El 15 de Noviembre de 1535 se produce la llegada del VIRREY Antonio de Mendoza, a cuya entrada solemne no asistió Hernán Cortes, ya que desde el mes de abril había tomado la dirección de la expedición a la Baja California.
Ese mismo año de 1535 tiene lugar la fundación de Lima. Las noticias que van llegando del Perú parecen ensombrecer la proeza de Hernán Cortes.

1536

En Abril de 1536 tiene lugar el regreso de Cortés a Acapulco. Las noticias de la existencia de pueblos que se extendían desde la Florida hasta el Mar del Sur fue objeto de deseo de tanto del gobernador de Nueva Galicia, Francisco Hernández Coronado, como de Hernando de Soto, enriquecido en Perú, o Pedro de Alvarado, adelantado de Guatemala, pero los dos rivales que se perfilaron al final serían el mismo virrey y  Hernán Cortes.
Envía ayuda a Pizarro, que se encuentra en Lima.
Cortés compra  minas de plata.



1538

A pesar de las diferencias surgidas entre Cortés y el virrey parecieron reconciliarse para celebrar grandes fiestas en México, organizadas por Cortés y el virrey para celebrar la paz entre Francisco I y Carlos V. Multitud de adornos vegetales llenaban toda la ciudad, semejándola a un bosque con fieras, para dar paso al día siguiente a una especie representación circense de guerra entre moros cristianos. A esto le siguieron dos banquetes de leyenda ofrecidos en los palacios de los dos magnates. El virrey ganó este concurso de fastuosidad, como buen representante de la Casa de Mendoza. Los días siguientes tuvieron lugar mascaradas, torneos, juegos de cañas, corridas de toros y carreras de caballos.
En 1538 tiene lugar la Liga Santa  contra los turcos: fracaso de la Prevesa.

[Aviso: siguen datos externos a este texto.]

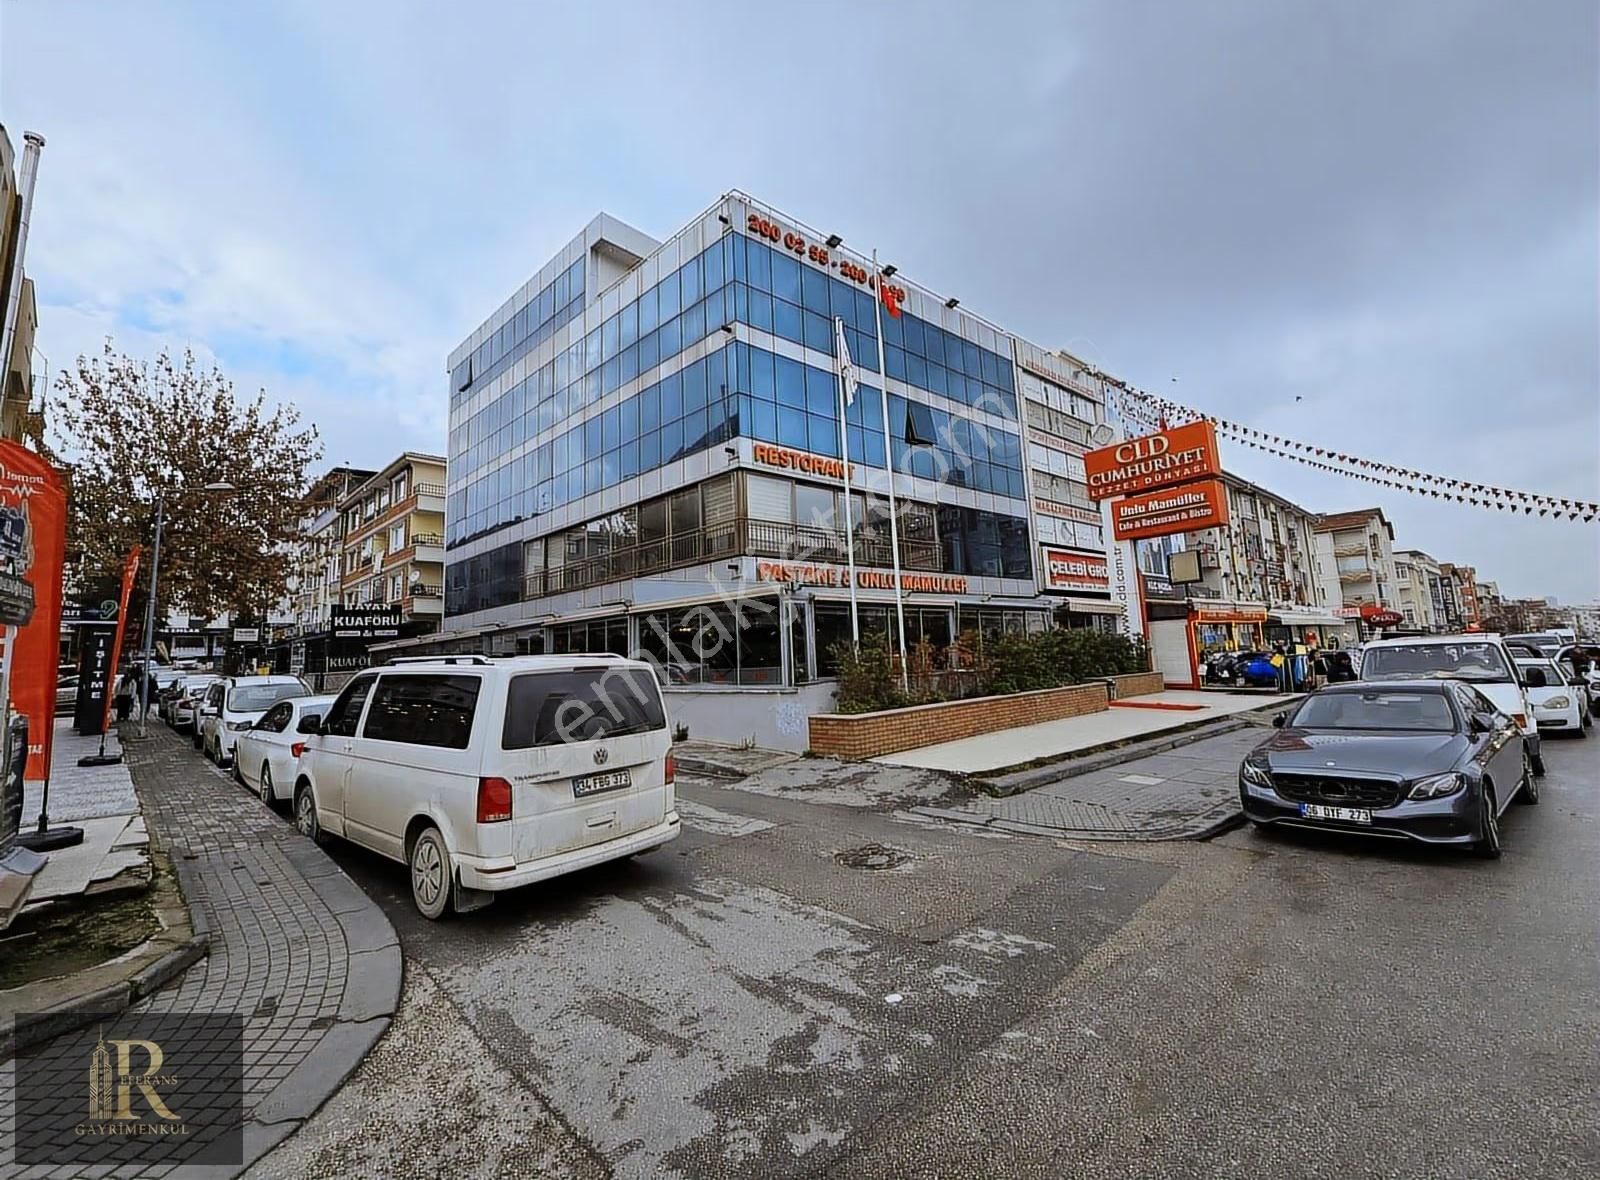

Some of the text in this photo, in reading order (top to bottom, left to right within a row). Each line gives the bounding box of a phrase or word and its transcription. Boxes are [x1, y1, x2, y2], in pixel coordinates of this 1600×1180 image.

Cuarta expedición a la Mar del Sur. 1539

En 1538 y 1539 tanto Hernán Cortes como el virrey actuaron por su cuenta. El Conflicto de intereses entre Cortés y el Virrey se basaba en la ambición del virrey de lanzar su propia expedición hacia una ciudad llamada Cibola de la que los exploradores no muy fidedignos habían hablado maravillas y la describían algunos como más grande que México. Mientras el virrey escoge la vía terrestre para llegar allá basándose en las informaciones recibidas – que luego se probaron falsas - , Cortés envía a Fernando de Ulloa  en mayo de 1539 con 3 naves bien equipadas. Ulloa desembarcó en la bahía de Santa Cruz (La Paz),, atravesó el mar hasta la orilla de Sonora, que costeó hasta la desembocadura del Colorado  y luego siguió la costa de la península californiana, y llegando al cabo de San Lucas llegó hasta la isla de Cedrosa 28 grados de latitud norte, de la que tomó posesión el 20 de Enero de 1540. Esta navegación exitosa permitió realizar un mapa preciso, que probaba que la Baja California era casi una isla.
En otro orden de cosas, en 1539 tiene lugar la rebelión de Gante. Carlos V logrará reprimirla al año siguiente.

Vuelta a España. 1540

La segunda estancia de Cortés en España sólo se entiende con referencia a las circunstancias del momento: Perú había sustituido a México en el interés de los políticos españoles. Los beneficios del oro procedente de México  empezaban a ser modestos, y la edad de la minería tardaría en llegar. Las expediciones a la Florida o california no habían generado beneficios, mientras que solo el quinto real de las expediciones de Pizarro, Almagro, Jiménez de Quesada y Benalcázar al Perú o Nueva Granada suponían un rendimiento muy elevado. Cortés pasa así a un segundo Plano. Cuando Cortés desembarca, Carlos está ausente de España, afectado por la reciente muerte de la Emperatriz (1539) e irritado por la rebelión de su ciudad natal, Gante. El problema de la Reforma en Alemania, por su parte, obliga a Carlos V  a ir a Ratisbona para obtener una solución de compromiso. Y mientras se perfila la necesidad de la conquista de Argel.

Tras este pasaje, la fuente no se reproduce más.